WHAT IS EXPECTED: The answer is an exact repetition of every entry, with all images left out.

Start of WORKING DATA

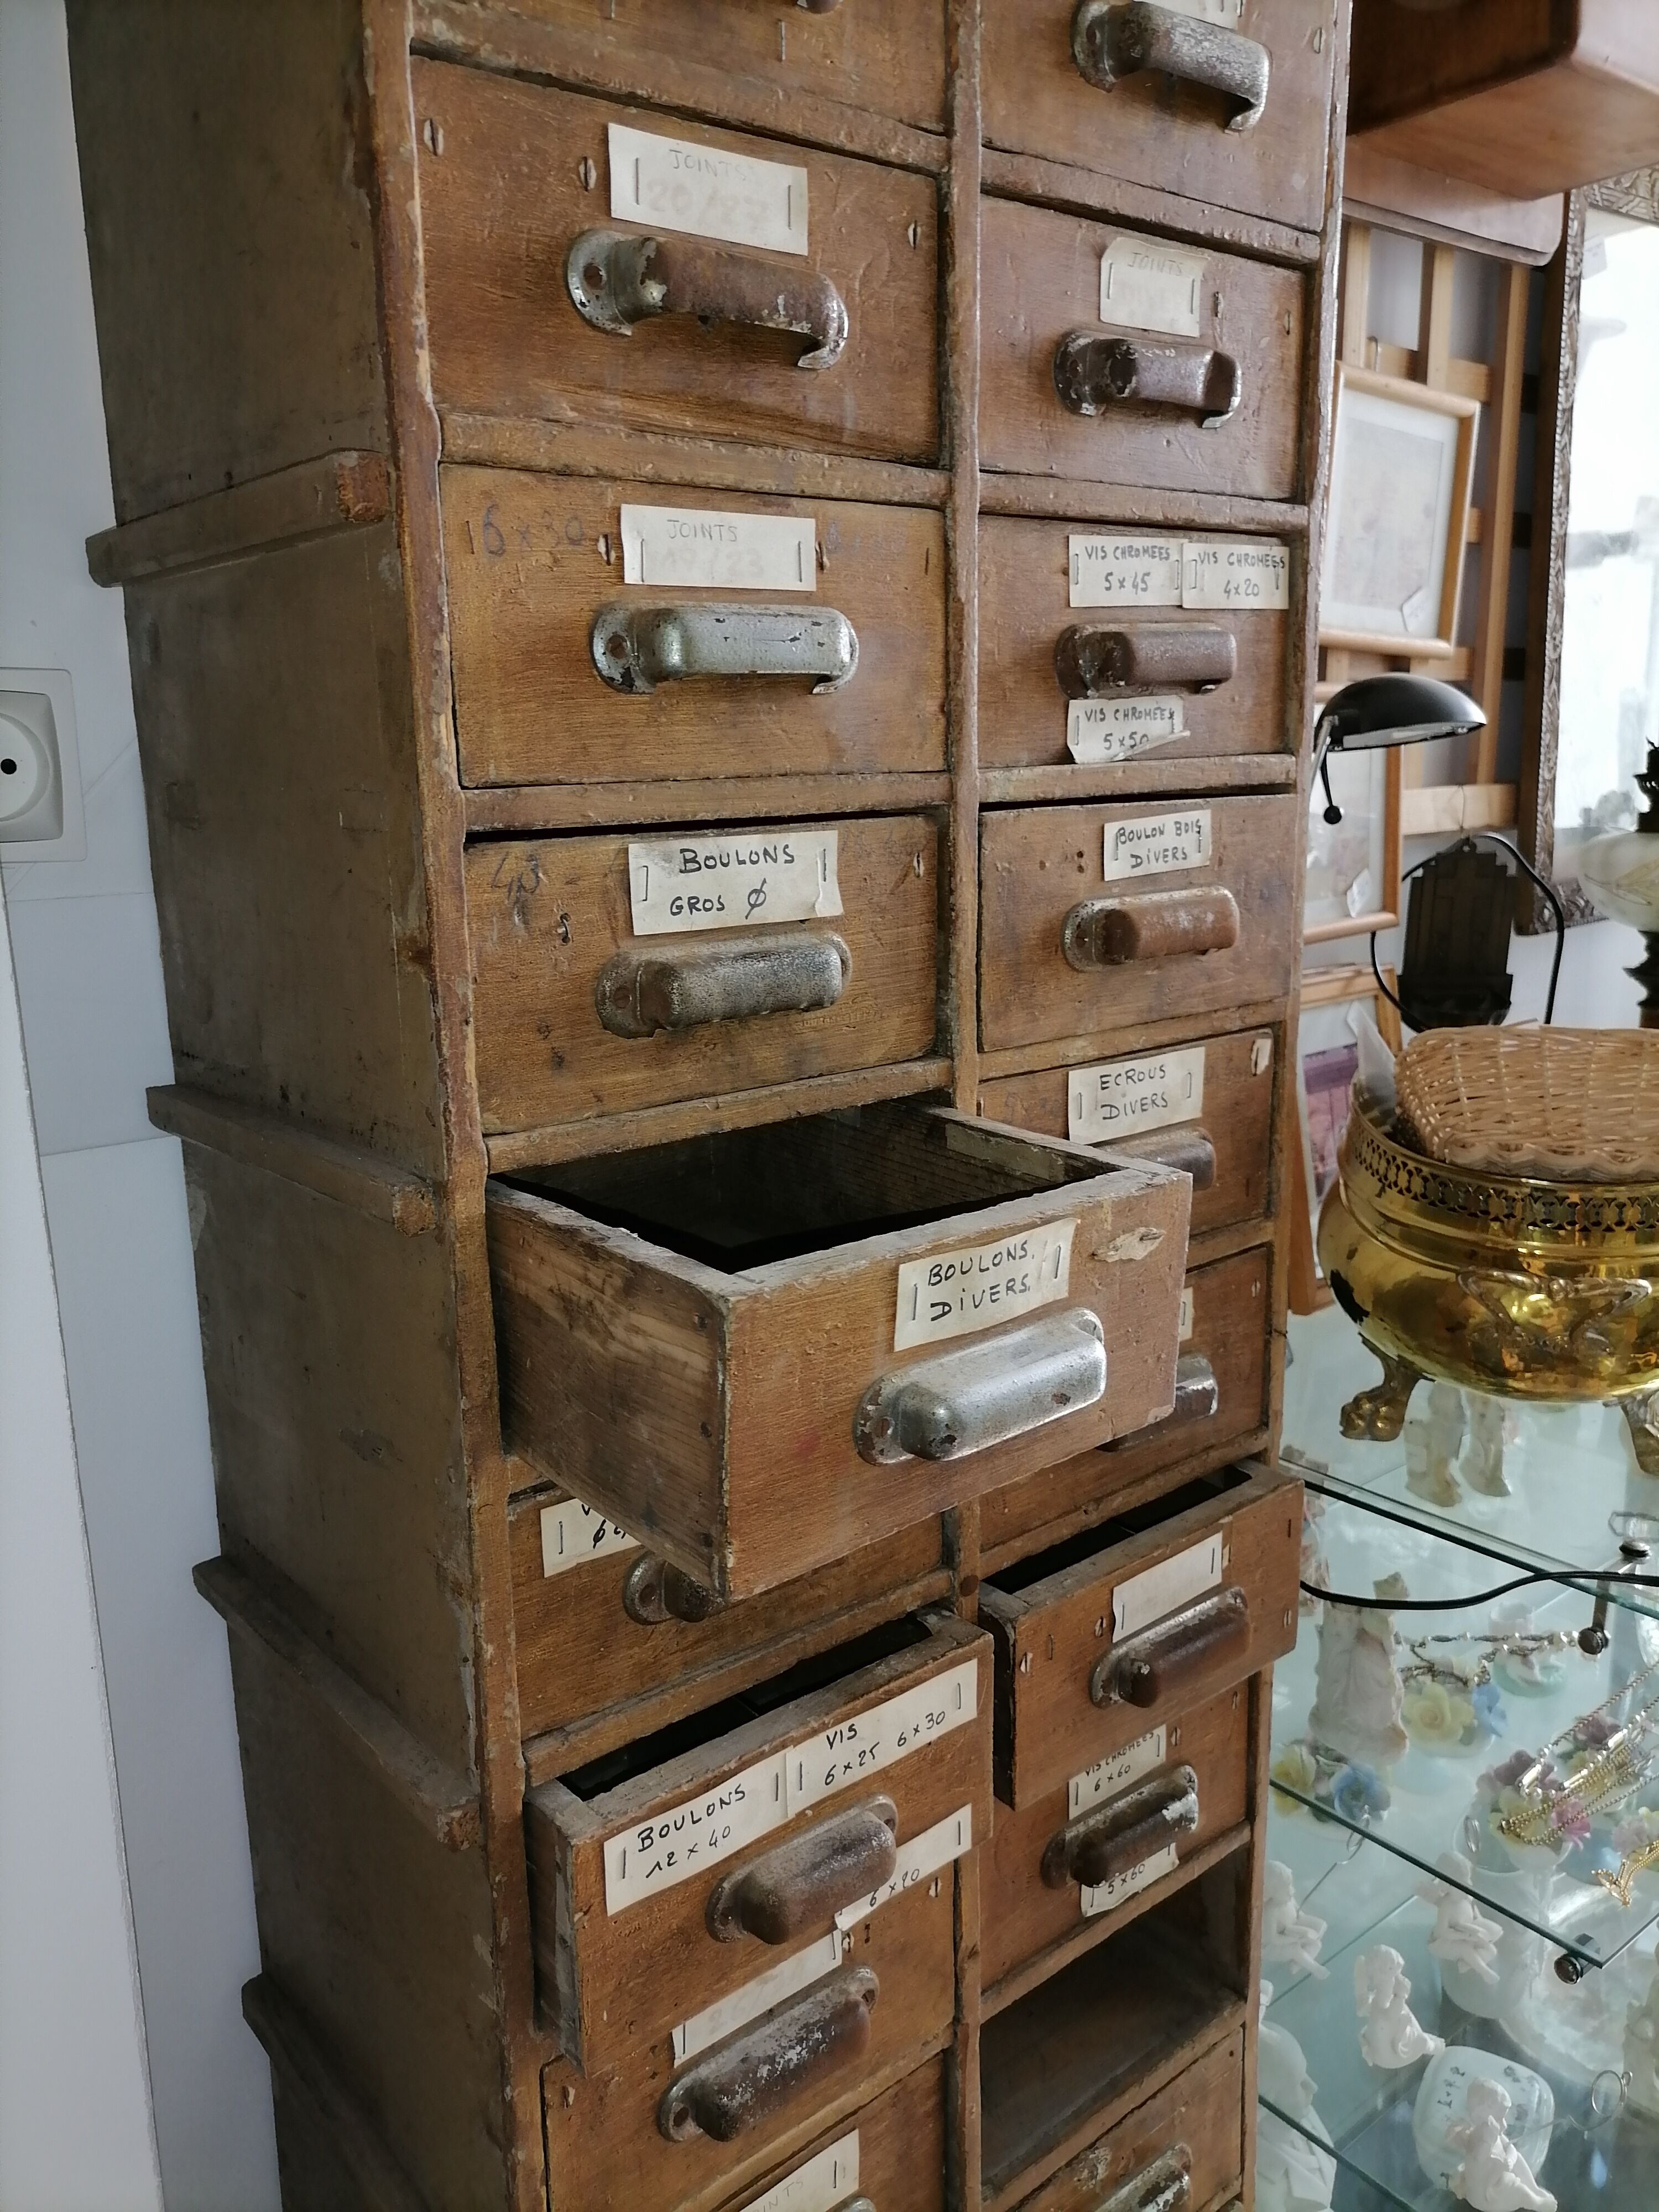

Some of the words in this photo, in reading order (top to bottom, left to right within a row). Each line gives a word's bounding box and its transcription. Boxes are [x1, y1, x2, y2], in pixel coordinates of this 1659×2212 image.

[669, 148, 748, 182] JOINTS
[1127, 252, 1185, 276] JOINTS
[666, 519, 738, 542] JOINTS
[1084, 545, 1107, 561] VIS
[1113, 545, 1170, 561] CHROMEES
[1198, 551, 1218, 565] VIS
[1084, 707, 1107, 723] VIS
[1117, 823, 1165, 845] BOULON
[1173, 818, 1202, 837] BOIS
[679, 843, 795, 874] BOULONS
[670, 894, 726, 916] GROS
[1099, 1064, 1166, 1091] ECROUS
[1100, 1091, 1168, 1120] DIVERS
[826, 1723, 858, 1750] VIS
[637, 1783, 746, 1853] BOULONS

End of WORKING DATA

RESPONSE BELOW:
Some of the words in this photo, in reading order (top to bottom, left to right within a row). Each line gives a word's bounding box and its transcription. Boxes are [x1, y1, x2, y2], in pixel coordinates of this 1659×2212 image.

[669, 148, 748, 182] JOINTS
[1127, 252, 1185, 276] JOINTS
[666, 519, 738, 542] JOINTS
[1084, 545, 1107, 561] VIS
[1113, 545, 1170, 561] CHROMEES
[1198, 551, 1218, 565] VIS
[1084, 707, 1107, 723] VIS
[1117, 823, 1165, 845] BOULON
[1173, 818, 1202, 837] BOIS
[679, 843, 795, 874] BOULONS
[670, 894, 726, 916] GROS
[1099, 1064, 1166, 1091] ECROUS
[1100, 1091, 1168, 1120] DIVERS
[826, 1723, 858, 1750] VIS
[637, 1783, 746, 1853] BOULONS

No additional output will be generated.